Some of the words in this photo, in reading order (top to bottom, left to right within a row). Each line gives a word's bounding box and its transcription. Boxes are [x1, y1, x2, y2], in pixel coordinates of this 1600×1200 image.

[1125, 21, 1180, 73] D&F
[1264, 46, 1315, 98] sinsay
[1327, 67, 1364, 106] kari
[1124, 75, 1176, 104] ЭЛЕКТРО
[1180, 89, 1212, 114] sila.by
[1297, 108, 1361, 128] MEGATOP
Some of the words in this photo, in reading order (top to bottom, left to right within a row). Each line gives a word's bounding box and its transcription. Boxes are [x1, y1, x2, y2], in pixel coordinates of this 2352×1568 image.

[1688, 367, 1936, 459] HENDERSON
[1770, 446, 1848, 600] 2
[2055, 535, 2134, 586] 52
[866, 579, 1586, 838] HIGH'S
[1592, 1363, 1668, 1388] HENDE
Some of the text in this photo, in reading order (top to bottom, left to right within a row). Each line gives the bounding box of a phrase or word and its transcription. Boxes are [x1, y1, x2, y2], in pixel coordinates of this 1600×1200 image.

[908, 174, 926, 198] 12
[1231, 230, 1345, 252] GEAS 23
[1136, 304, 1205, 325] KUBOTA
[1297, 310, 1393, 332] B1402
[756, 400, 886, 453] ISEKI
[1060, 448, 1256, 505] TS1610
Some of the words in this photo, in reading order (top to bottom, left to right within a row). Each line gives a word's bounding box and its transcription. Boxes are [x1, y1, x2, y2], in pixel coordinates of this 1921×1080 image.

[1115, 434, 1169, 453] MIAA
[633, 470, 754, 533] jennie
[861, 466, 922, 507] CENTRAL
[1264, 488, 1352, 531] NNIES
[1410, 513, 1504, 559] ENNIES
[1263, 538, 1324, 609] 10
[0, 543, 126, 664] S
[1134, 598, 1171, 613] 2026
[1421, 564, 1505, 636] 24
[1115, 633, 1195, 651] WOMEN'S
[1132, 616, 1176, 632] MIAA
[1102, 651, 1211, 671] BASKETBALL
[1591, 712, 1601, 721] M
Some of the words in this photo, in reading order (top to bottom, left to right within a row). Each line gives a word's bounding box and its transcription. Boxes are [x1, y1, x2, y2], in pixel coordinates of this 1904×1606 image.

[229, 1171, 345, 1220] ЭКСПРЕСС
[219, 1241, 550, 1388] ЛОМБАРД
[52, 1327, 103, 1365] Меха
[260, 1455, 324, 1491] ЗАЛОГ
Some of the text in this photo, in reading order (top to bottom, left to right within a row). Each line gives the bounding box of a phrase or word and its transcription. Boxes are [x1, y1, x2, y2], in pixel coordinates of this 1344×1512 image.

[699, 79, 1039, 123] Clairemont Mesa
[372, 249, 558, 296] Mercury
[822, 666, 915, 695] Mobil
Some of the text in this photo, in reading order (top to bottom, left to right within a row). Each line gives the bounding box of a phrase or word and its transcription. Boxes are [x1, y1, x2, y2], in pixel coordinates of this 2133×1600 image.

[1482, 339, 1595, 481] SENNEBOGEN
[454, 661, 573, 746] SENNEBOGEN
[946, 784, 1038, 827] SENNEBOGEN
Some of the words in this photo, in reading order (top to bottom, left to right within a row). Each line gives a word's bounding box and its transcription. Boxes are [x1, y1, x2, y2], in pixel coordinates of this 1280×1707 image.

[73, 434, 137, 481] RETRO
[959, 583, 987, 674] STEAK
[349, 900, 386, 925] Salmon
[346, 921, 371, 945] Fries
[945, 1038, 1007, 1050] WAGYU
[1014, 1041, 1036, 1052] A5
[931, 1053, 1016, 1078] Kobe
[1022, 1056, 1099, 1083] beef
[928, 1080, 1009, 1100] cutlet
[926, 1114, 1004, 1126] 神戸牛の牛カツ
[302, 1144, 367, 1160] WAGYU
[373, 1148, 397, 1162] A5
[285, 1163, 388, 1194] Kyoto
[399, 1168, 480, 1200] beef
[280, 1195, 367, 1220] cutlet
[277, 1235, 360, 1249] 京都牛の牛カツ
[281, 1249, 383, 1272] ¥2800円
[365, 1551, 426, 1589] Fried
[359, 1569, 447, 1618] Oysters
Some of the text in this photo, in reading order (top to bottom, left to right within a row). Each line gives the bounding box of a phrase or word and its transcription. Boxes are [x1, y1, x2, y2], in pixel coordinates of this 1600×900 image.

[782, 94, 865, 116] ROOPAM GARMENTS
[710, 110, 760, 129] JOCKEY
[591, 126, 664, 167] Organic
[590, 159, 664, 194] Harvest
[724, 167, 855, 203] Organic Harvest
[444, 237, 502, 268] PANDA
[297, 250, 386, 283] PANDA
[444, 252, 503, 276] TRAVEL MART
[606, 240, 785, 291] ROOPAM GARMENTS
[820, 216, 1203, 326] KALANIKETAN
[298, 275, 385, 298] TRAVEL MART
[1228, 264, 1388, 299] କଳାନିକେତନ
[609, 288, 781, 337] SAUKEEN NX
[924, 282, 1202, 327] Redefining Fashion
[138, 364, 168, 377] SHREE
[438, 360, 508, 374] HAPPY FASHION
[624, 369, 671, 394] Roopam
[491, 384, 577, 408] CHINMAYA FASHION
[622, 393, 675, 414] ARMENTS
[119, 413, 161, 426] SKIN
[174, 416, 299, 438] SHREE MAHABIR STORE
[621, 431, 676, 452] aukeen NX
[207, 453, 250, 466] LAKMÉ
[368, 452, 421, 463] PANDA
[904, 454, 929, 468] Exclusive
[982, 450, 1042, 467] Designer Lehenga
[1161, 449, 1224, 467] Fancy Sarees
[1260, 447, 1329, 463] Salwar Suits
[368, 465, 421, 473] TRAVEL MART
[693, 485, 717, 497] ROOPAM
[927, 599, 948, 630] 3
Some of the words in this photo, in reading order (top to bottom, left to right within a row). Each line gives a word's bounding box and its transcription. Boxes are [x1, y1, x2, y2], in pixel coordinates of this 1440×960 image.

▶ Work to be completed
Exact reproduction of the whole material is the required answer.

▶ Solution to this problem
Some of the words in this photo, in reading order (top to bottom, left to right within a row). Each line gives a word's bounding box and its transcription. Boxes are [x1, y1, x2, y2], in pixel coordinates of this 1600×1200 image.

[1125, 21, 1180, 73] D&F
[1264, 46, 1315, 98] sinsay
[1327, 67, 1364, 106] kari
[1124, 75, 1176, 104] ЭЛЕКТРО
[1180, 89, 1212, 114] sila.by
[1297, 108, 1361, 128] MEGATOP
Some of the words in this photo, in reading order (top to bottom, left to right within a row). Each line gives a word's bounding box and its transcription. Boxes are [x1, y1, x2, y2], in pixel coordinates of this 2352×1568 image.

[1688, 367, 1936, 459] HENDERSON
[1770, 446, 1848, 600] 2
[2055, 535, 2134, 586] 52
[866, 579, 1586, 838] HIGH'S
[1592, 1363, 1668, 1388] HENDE
Some of the text in this photo, in reading order (top to bottom, left to right within a row). Each line gives the bounding box of a phrase or word and its transcription. Boxes are [x1, y1, x2, y2], in pixel coordinates of this 1600×1200 image.

[908, 174, 926, 198] 12
[1231, 230, 1345, 252] GEAS 23
[1136, 304, 1205, 325] KUBOTA
[1297, 310, 1393, 332] B1402
[756, 400, 886, 453] ISEKI
[1060, 448, 1256, 505] TS1610
Some of the words in this photo, in reading order (top to bottom, left to right within a row). Each line gives a word's bounding box and its transcription. Boxes are [x1, y1, x2, y2], in pixel coordinates of this 1921×1080 image.

[1115, 434, 1169, 453] MIAA
[633, 470, 754, 533] jennie
[861, 466, 922, 507] CENTRAL
[1264, 488, 1352, 531] NNIES
[1410, 513, 1504, 559] ENNIES
[1263, 538, 1324, 609] 10
[0, 543, 126, 664] S
[1134, 598, 1171, 613] 2026
[1421, 564, 1505, 636] 24
[1115, 633, 1195, 651] WOMEN'S
[1132, 616, 1176, 632] MIAA
[1102, 651, 1211, 671] BASKETBALL
[1591, 712, 1601, 721] M
Some of the words in this photo, in reading order (top to bottom, left to right within a row). Each line gives a word's bounding box and its transcription. Boxes are [x1, y1, x2, y2], in pixel coordinates of this 1904×1606 image.

[229, 1171, 345, 1220] ЭКСПРЕСС
[219, 1241, 550, 1388] ЛОМБАРД
[52, 1327, 103, 1365] Меха
[260, 1455, 324, 1491] ЗАЛОГ
Some of the text in this photo, in reading order (top to bottom, left to right within a row). Each line gives the bounding box of a phrase or word and its transcription. Boxes are [x1, y1, x2, y2], in pixel coordinates of this 1344×1512 image.

[699, 79, 1039, 123] Clairemont Mesa
[372, 249, 558, 296] Mercury
[822, 666, 915, 695] Mobil
Some of the text in this photo, in reading order (top to bottom, left to right within a row). Each line gives the bounding box of a phrase or word and its transcription. Boxes are [x1, y1, x2, y2], in pixel coordinates of this 2133×1600 image.

[1482, 339, 1595, 481] SENNEBOGEN
[454, 661, 573, 746] SENNEBOGEN
[946, 784, 1038, 827] SENNEBOGEN
Some of the words in this photo, in reading order (top to bottom, left to right within a row). Each line gives a word's bounding box and its transcription. Boxes are [x1, y1, x2, y2], in pixel coordinates of this 1280×1707 image.

[73, 434, 137, 481] RETRO
[959, 583, 987, 674] STEAK
[349, 900, 386, 925] Salmon
[346, 921, 371, 945] Fries
[945, 1038, 1007, 1050] WAGYU
[1014, 1041, 1036, 1052] A5
[931, 1053, 1016, 1078] Kobe
[1022, 1056, 1099, 1083] beef
[928, 1080, 1009, 1100] cutlet
[926, 1114, 1004, 1126] 神戸牛の牛カツ
[302, 1144, 367, 1160] WAGYU
[373, 1148, 397, 1162] A5
[285, 1163, 388, 1194] Kyoto
[399, 1168, 480, 1200] beef
[280, 1195, 367, 1220] cutlet
[277, 1235, 360, 1249] 京都牛の牛カツ
[281, 1249, 383, 1272] ¥2800円
[365, 1551, 426, 1589] Fried
[359, 1569, 447, 1618] Oysters
Some of the text in this photo, in reading order (top to bottom, left to right within a row). Each line gives the bounding box of a phrase or word and its transcription. Boxes are [x1, y1, x2, y2], in pixel coordinates of this 1600×900 image.

[782, 94, 865, 116] ROOPAM GARMENTS
[710, 110, 760, 129] JOCKEY
[591, 126, 664, 167] Organic
[590, 159, 664, 194] Harvest
[724, 167, 855, 203] Organic Harvest
[444, 237, 502, 268] PANDA
[297, 250, 386, 283] PANDA
[444, 252, 503, 276] TRAVEL MART
[606, 240, 785, 291] ROOPAM GARMENTS
[820, 216, 1203, 326] KALANIKETAN
[298, 275, 385, 298] TRAVEL MART
[1228, 264, 1388, 299] କଳାନିକେତନ
[609, 288, 781, 337] SAUKEEN NX
[924, 282, 1202, 327] Redefining Fashion
[138, 364, 168, 377] SHREE
[438, 360, 508, 374] HAPPY FASHION
[624, 369, 671, 394] Roopam
[491, 384, 577, 408] CHINMAYA FASHION
[622, 393, 675, 414] ARMENTS
[119, 413, 161, 426] SKIN
[174, 416, 299, 438] SHREE MAHABIR STORE
[621, 431, 676, 452] aukeen NX
[207, 453, 250, 466] LAKMÉ
[368, 452, 421, 463] PANDA
[904, 454, 929, 468] Exclusive
[982, 450, 1042, 467] Designer Lehenga
[1161, 449, 1224, 467] Fancy Sarees
[1260, 447, 1329, 463] Salwar Suits
[368, 465, 421, 473] TRAVEL MART
[693, 485, 717, 497] ROOPAM
[927, 599, 948, 630] 3
Some of the words in this photo, in reading order (top to bottom, left to right within a row). Each line gives a word's bounding box and its transcription. Boxes are [x1, y1, x2, y2], in pixel coordinates of this 1440×960 image.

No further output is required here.